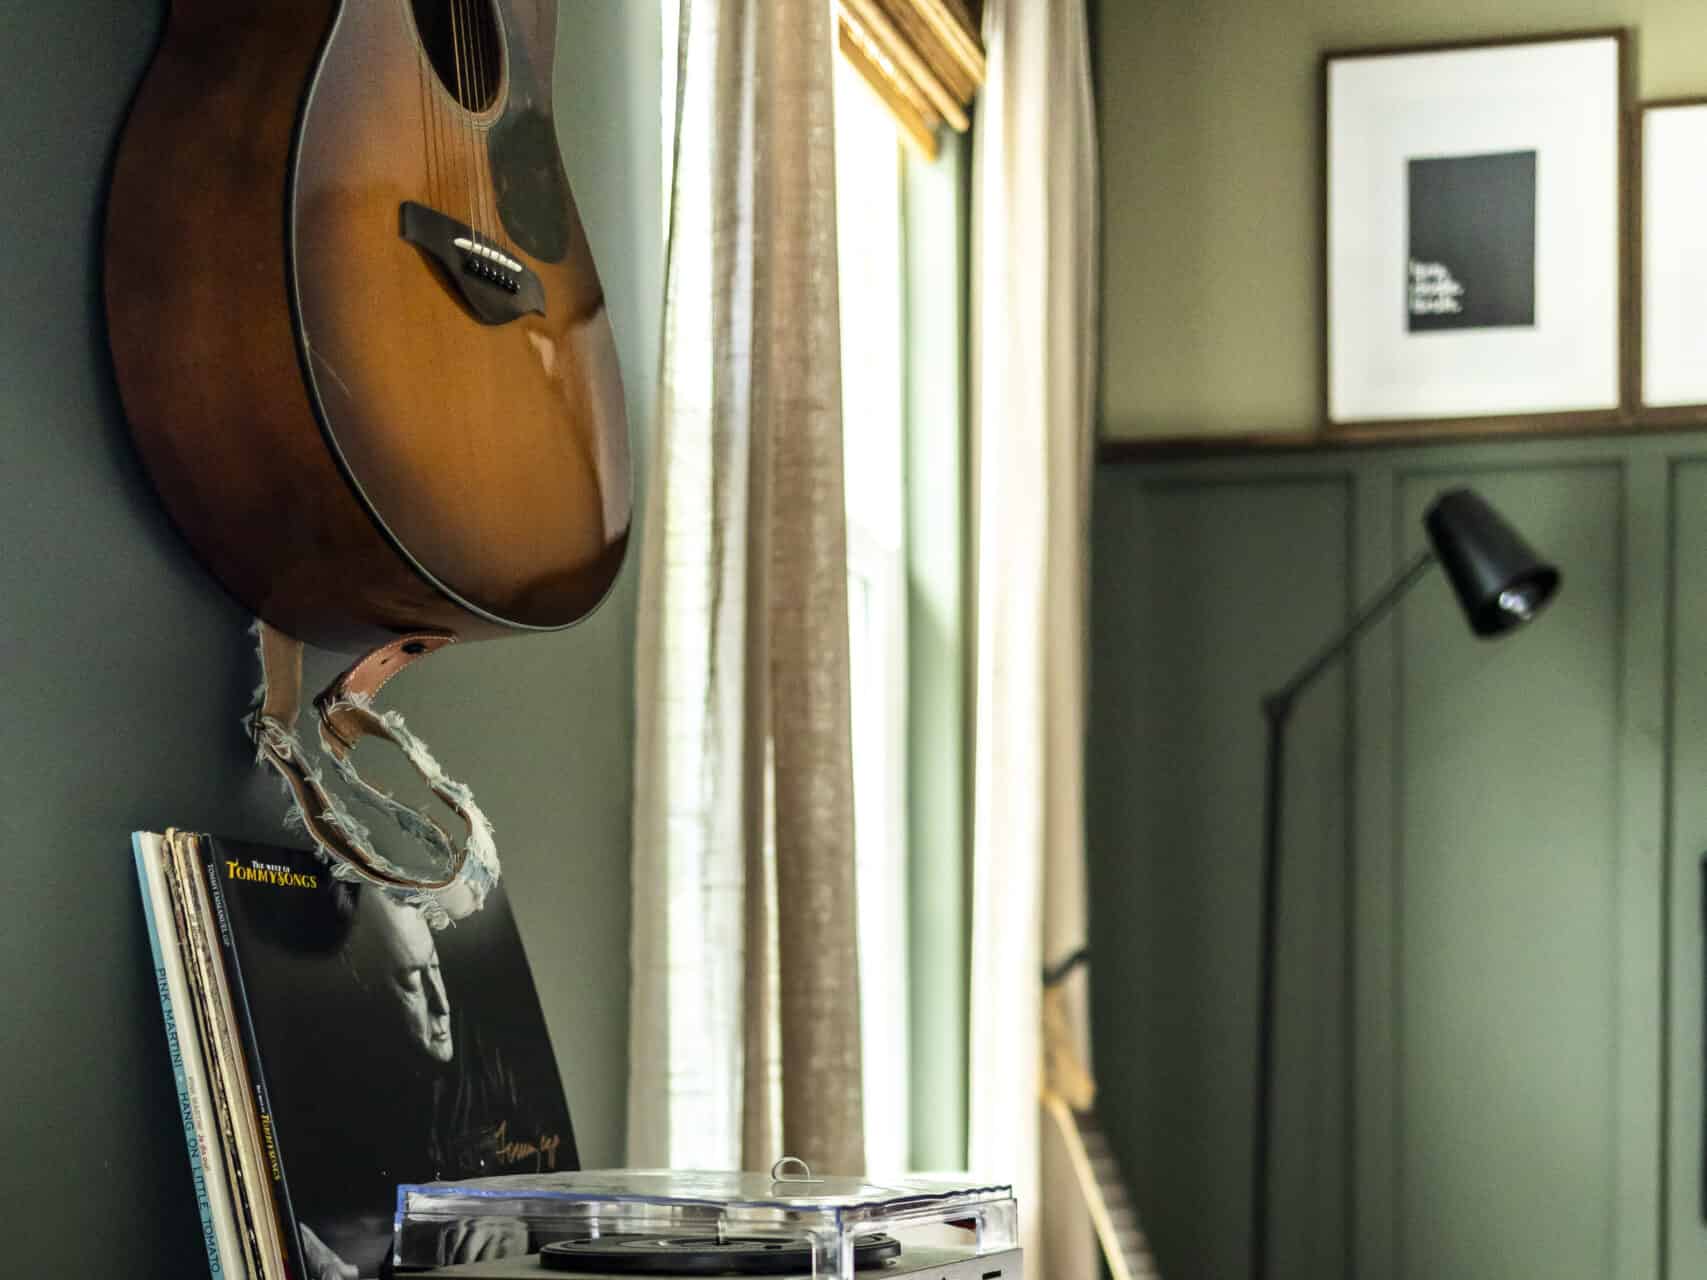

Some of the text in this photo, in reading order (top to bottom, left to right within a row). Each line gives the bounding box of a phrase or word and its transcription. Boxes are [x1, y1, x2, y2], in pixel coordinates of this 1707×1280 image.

[225, 858, 318, 889] TOMMYSONGS
[157, 967, 170, 1002] PINK
[165, 1009, 183, 1067] MARTINI
[179, 1093, 194, 1131] HANG
[188, 1138, 200, 1158] ON
[192, 1166, 209, 1210] LITTLE
[202, 1217, 220, 1273] TOMATO

PROBLEM REQUIREMENTS: With the pictures omitted, repeat the full set of records above exactly.

TASK OUTPUT:
Some of the text in this photo, in reading order (top to bottom, left to right within a row). Each line gives the bounding box of a phrase or word and its transcription. Boxes are [x1, y1, x2, y2], in pixel coordinates of this 1707×1280 image.

[225, 858, 318, 889] TOMMYSONGS
[157, 967, 170, 1002] PINK
[165, 1009, 183, 1067] MARTINI
[179, 1093, 194, 1131] HANG
[188, 1138, 200, 1158] ON
[192, 1166, 209, 1210] LITTLE
[202, 1217, 220, 1273] TOMATO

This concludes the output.